Translating the Maya Popol Wuj
It’s the 20th of December and we are in Chichicastenango for its Fiesta Patronal. Just after 3:33 a.m., we are woken up by powerful explosions right above the Hotel Pop Wuj where we are staying. The photographer, Joey the Juice, is wide awake, pounding on my door, screaming over the bombs, “Get up Vin Man, come on, you gotta see this!” The fireworks go on for an entire hour until leaving the world silent again, except for the sound of roosters and corn mills that announce the coming of another day in the western highlands of Guatemala. We make our way over to the Cofradía Santo Tomás to drink as many gourds as possible of the sweet and salty q’or, maatz’ or atole, a kind of corn gruel that doesn’t sound nearly as good as this hearty ancient libation tastes. After the festivities, I head back to my home of more than thirty years in the forest high above Lake Atitlán to put the finishing touches on my new English translation of the famous Popol (or Pop) Wuj, the K’iche’ Maya Book of Council.

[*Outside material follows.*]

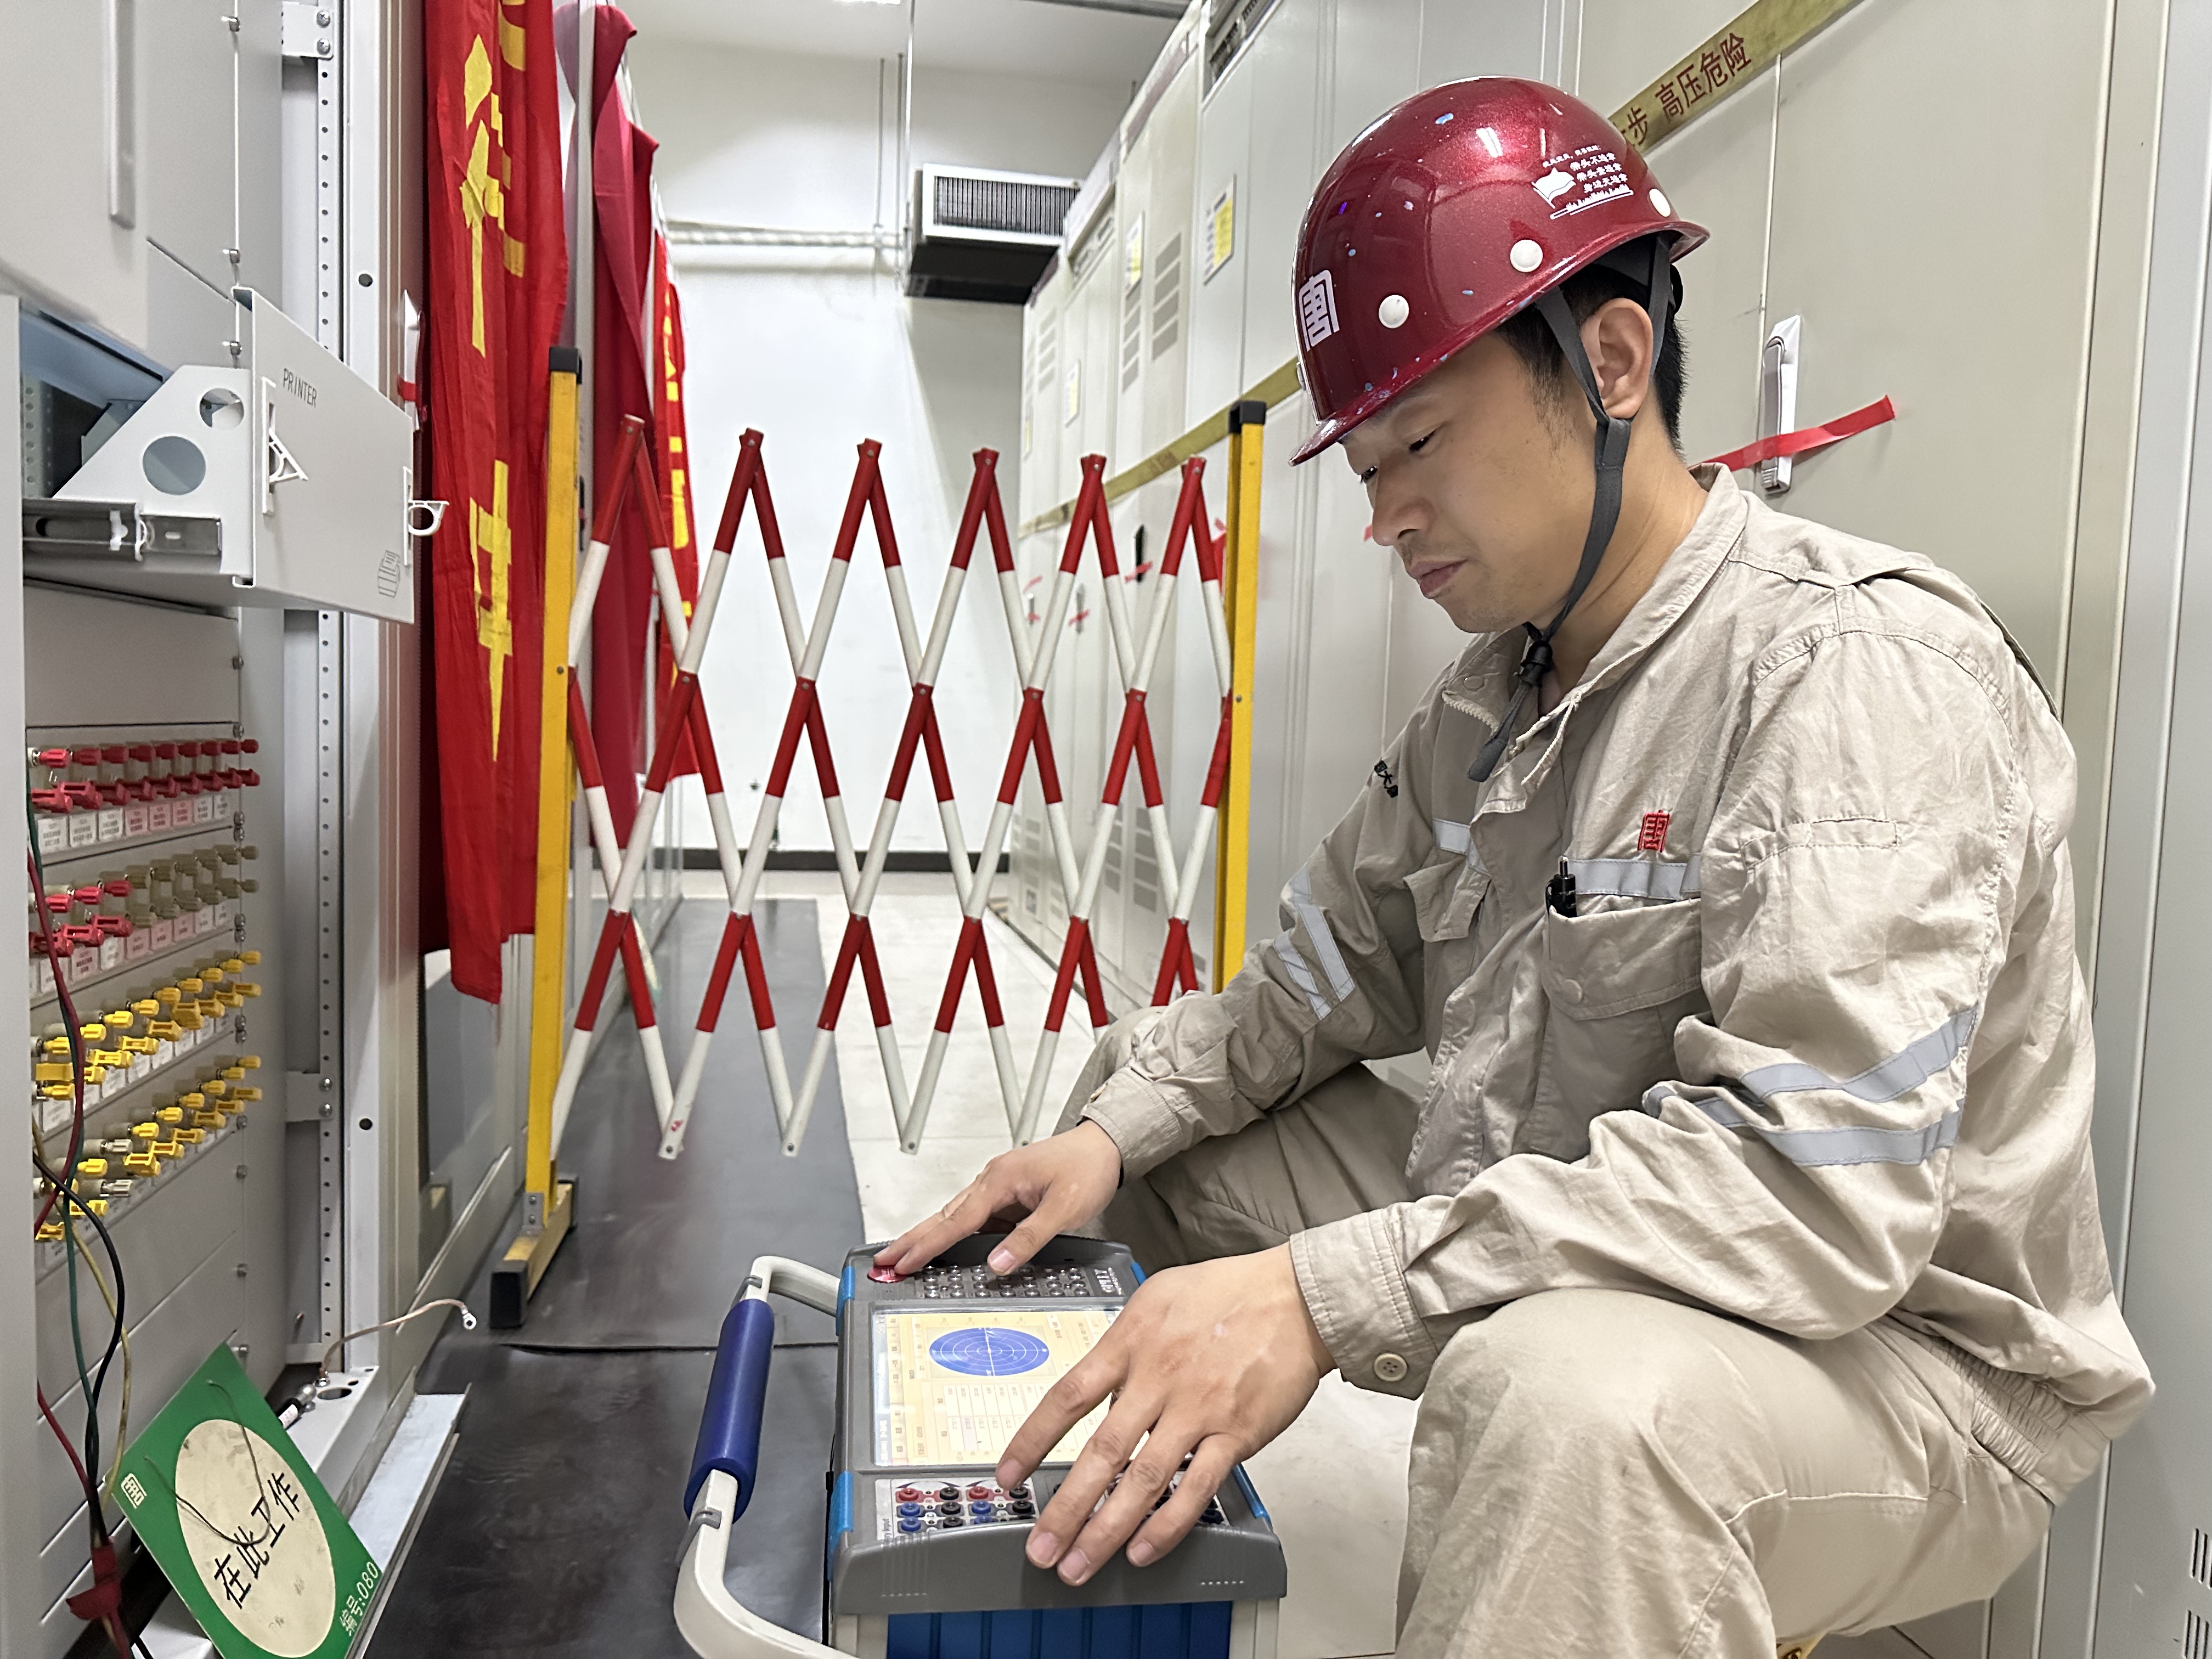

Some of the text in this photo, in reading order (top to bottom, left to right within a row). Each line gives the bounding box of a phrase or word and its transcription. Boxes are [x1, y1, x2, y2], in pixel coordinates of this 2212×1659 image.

[1613, 32, 1752, 146] 步 高压危险
[283, 368, 317, 408] PRINTER
[213, 1472, 300, 1610] 在此工作
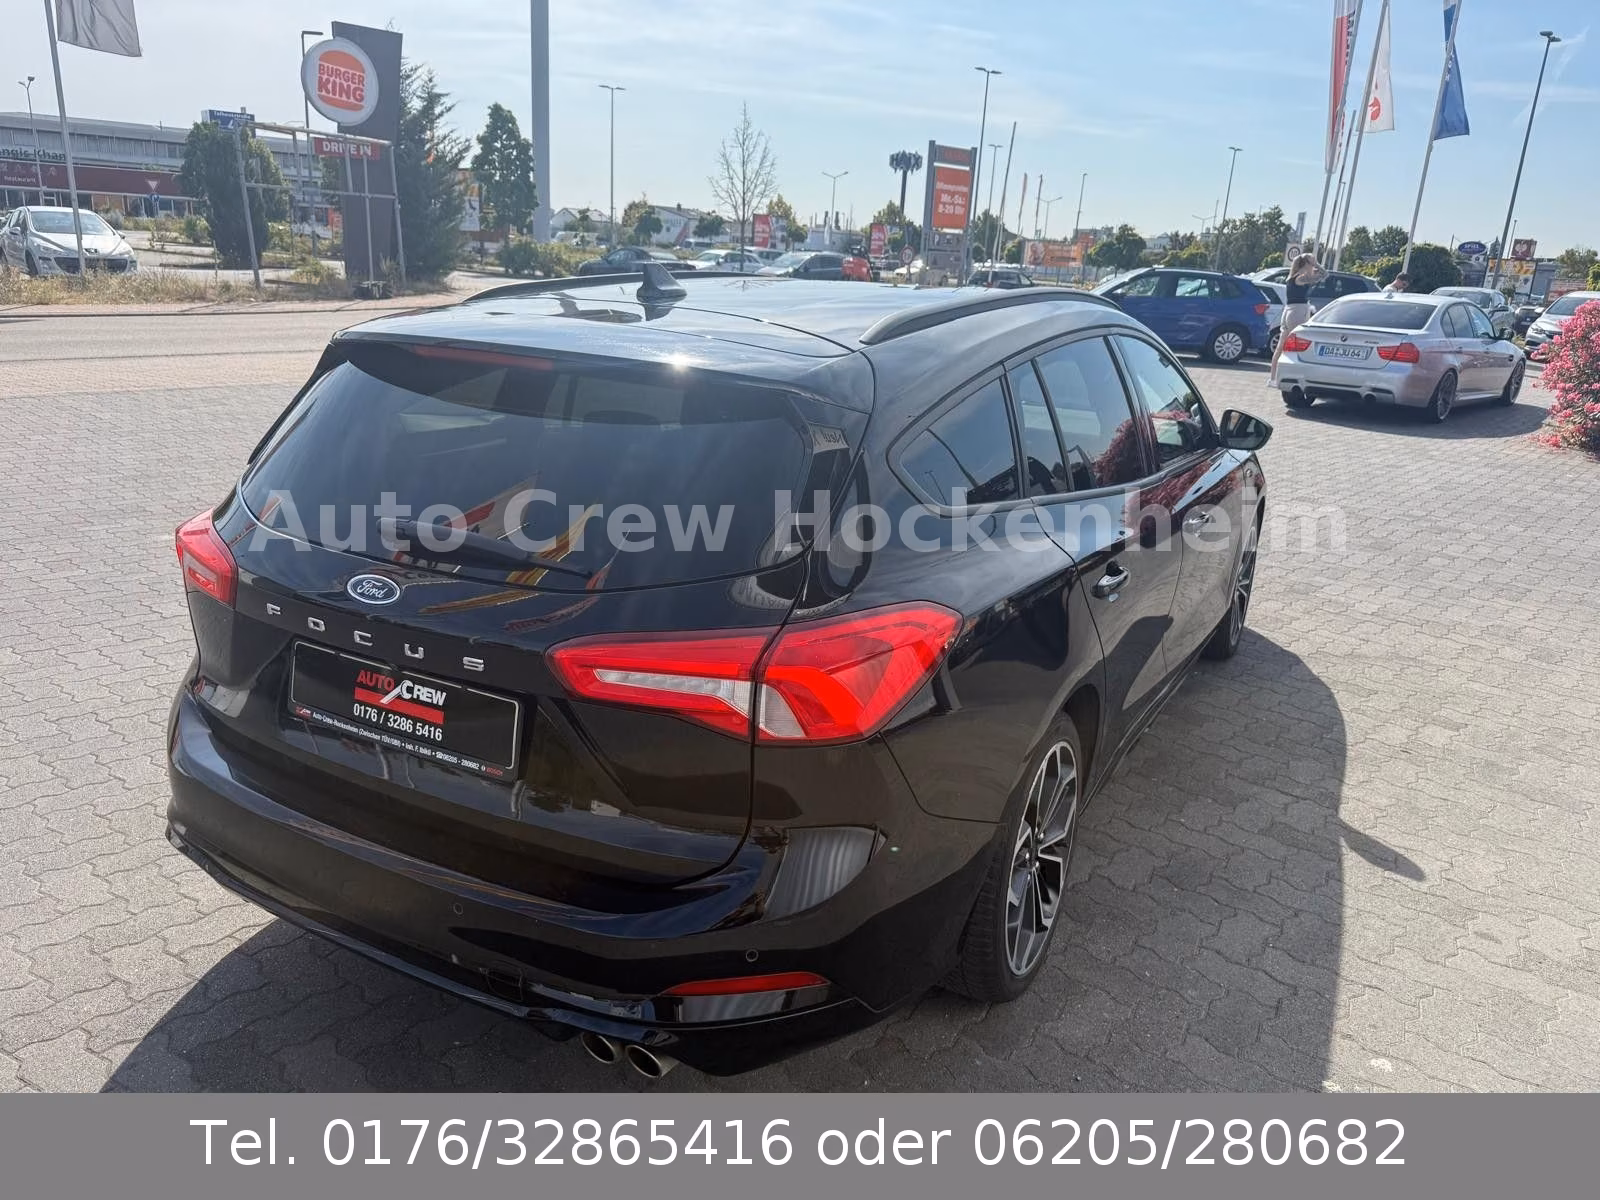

The Popol Wuj is a true masterpiece of Native American literature; there is nothing else quite like it. The surviving text at the Newberry Library in Chicago is thought to be a copy of a much older document found in Santo Tomás Chichicastenango late in the 17th century but now lost. According to the gifted Dutch anthropologist, Mesoamericanist and Popol Wuj scholar, Rudd van Akkeren, between 1554 and 1558, scribes calling themselves Nim Ch’okoj wrote down the sacred history and myths of their ancestors in their native K’iche’ Mayan language using the Roman alphabet taught to them by Dominican missionaries. They took their time and great care to bequeath to their descendants a record of their ancestors’ most significant stories, gleaned from hieroglyphic writings, images, and oral tradition passed down from generation to generation, and intended, in part, to form and shape young Maya women and men into perfect replicas, that is, spitting images of the First Mother and First Father, Tz’aqol and B’itol, Alom and K’ajolom, Modeler and Maker, Bearer and Begetter of their precious human replacements who would follow.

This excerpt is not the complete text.